- Court: North Gauteng High Court
- Full case name: Robert James Stransham-Ford v Minister of Justice and Correctional Services and Others
- Decided: 30 April 2015 (order) 4 May 2015 (reasons)
- Citation: [2015] ZAGPPHC 230
- Transcript: Judgment on SAFLII

Case history
- Prior action: Urgent application to the High Court
- Subsequent actions: Later appealed to the Supreme Court of Appeal (SCA), which set aside the High Court order after Stransham-Ford's death
- Related action: South African Law Commission Report on Euthanasia (1998)

Court membership
- Judge sitting: Hans J. Fabricius

Case opinions
- Decision by: Fabricius J

Keywords
- assisted suicide; euthanasia; constitutional law; South African law;

= Stransham-Ford v Minister of Justice =

2015 South African court case on assisted suicide

Stransham-Ford v Minister of Justice and Correctional Services (case no. 27401/15) was a 2015 judgment of the North Gauteng High Court in South Africa. It was the first South African case to address the constitutionality of physician-assisted suicide and euthanasia.

==Background==
Robert James Stransham-Ford, a 65-year-old advocate, was diagnosed with terminal stage 4 cancer and given only weeks to live. He applied to the High Court in Pretoria for an order permitting a medical doctor to assist him in ending his life without facing criminal or professional liability. He argued that his suffering, which included severe pain, loss of mobility, and loss of dignity, infringed his constitutional rights.

==Legal arguments==
The applicant relied on provisions of the South African Constitution, including:
- Section 7: the duty of the state to respect, protect, promote and fulfil rights.
- Section 10: the right to human dignity,
- Section 12: the right to freedom and security of the person, including control over one's body

He argued that the common law prohibition on assisted suicide unjustifiably limited these rights. His counsel compared assisted suicide to the lawful withdrawal of life-sustaining treatment and cited international precedents such as Carter v Canada (2015).
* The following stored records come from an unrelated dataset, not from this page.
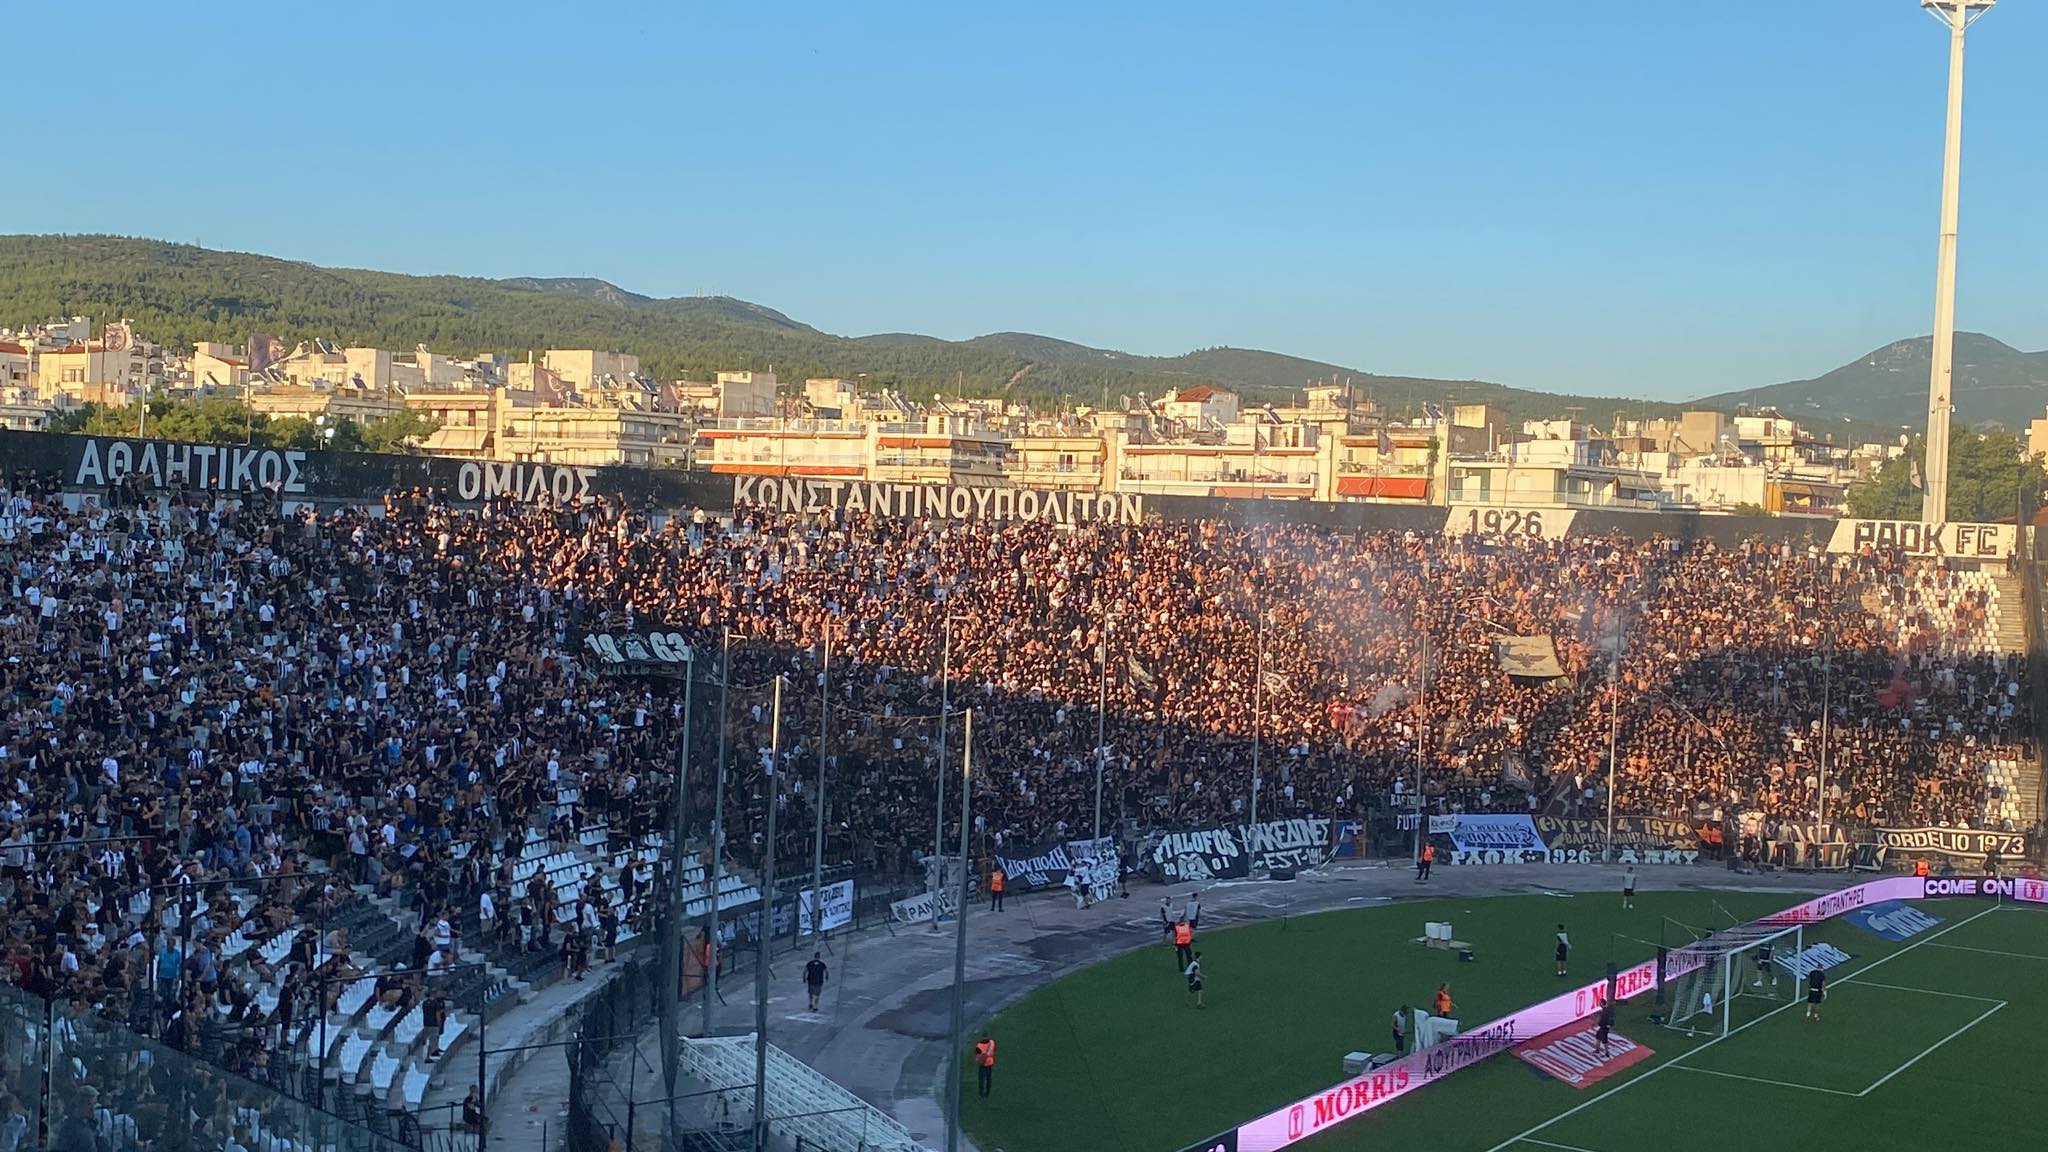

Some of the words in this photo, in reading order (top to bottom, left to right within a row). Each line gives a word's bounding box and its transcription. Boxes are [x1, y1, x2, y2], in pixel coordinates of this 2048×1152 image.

[75, 440, 306, 493] ΑΘΛΗΤΙΚΟΣ
[458, 462, 597, 504] ΟΜΙΛΟΣ
[1468, 509, 1542, 538] 1926
[1854, 522, 1946, 555] PAOK
[1956, 525, 1998, 555] FC
[649, 632, 694, 662] 63
[1617, 819, 1632, 832] 4
[1876, 831, 1970, 851] KORDELIO
[1977, 834, 2025, 853] 1973
[1543, 850, 1591, 865] 1926
[1925, 879, 1977, 895] COME
[1982, 879, 2013, 895] ON
[1591, 965, 1653, 1010] MRRIS
[1314, 1067, 1409, 1128] MORRIS
The state opposed the application, arguing that assisted suicide remained unlawful under South African law and that recognising such a right raised ethical, social, and medical concerns.

==Judgement==
On 30 April 2015, Justice Hans Fabricius ruled in favour of Stransham-Ford, declaring that:
- A mentally competent, terminally ill adult who had freely chosen to end his life with medical assistance was constitutionally entitled to do so.
- A doctor assisting under those circumstances would not act unlawfully or face prosecution.
- The common law prohibition of assisted suicide was unconstitutional insofar as it imposed an absolute ban, as it unjustifiably limited rights to dignity and bodily integrity.

Stransham-Ford died on the day of the order, before the judgment was formally delivered.

In 2016, the Supreme Court of Appeal overruled the High Court's decision, holding that the matter had become moot because the applicant had died before the judgment was delivered. The court ruled that the case was not an appropriate vehicle for developing the common law on murder and culpable homicide, and it upheld the appeal by the Minister of Justice. As a result, the High Court's order did not stand, and the case did not establish a legal precedent for the authorisation of assisted dying in South Africa.

==Impact==
The judgment was widely regarded as a landmark in South African law. It raised questions about whether the legislature should regulate assisted dying, building on earlier recommendations by the South African Law Commission's 1998 report on euthanasia.

While the order applied to a specific case and did not constitute a general legalisation of assisted suicide, it drew attention to the constitutional balance between the right to life and the right to dignity. The decision has been noted in comparison with similar cases in Canada, Europe, and the United States.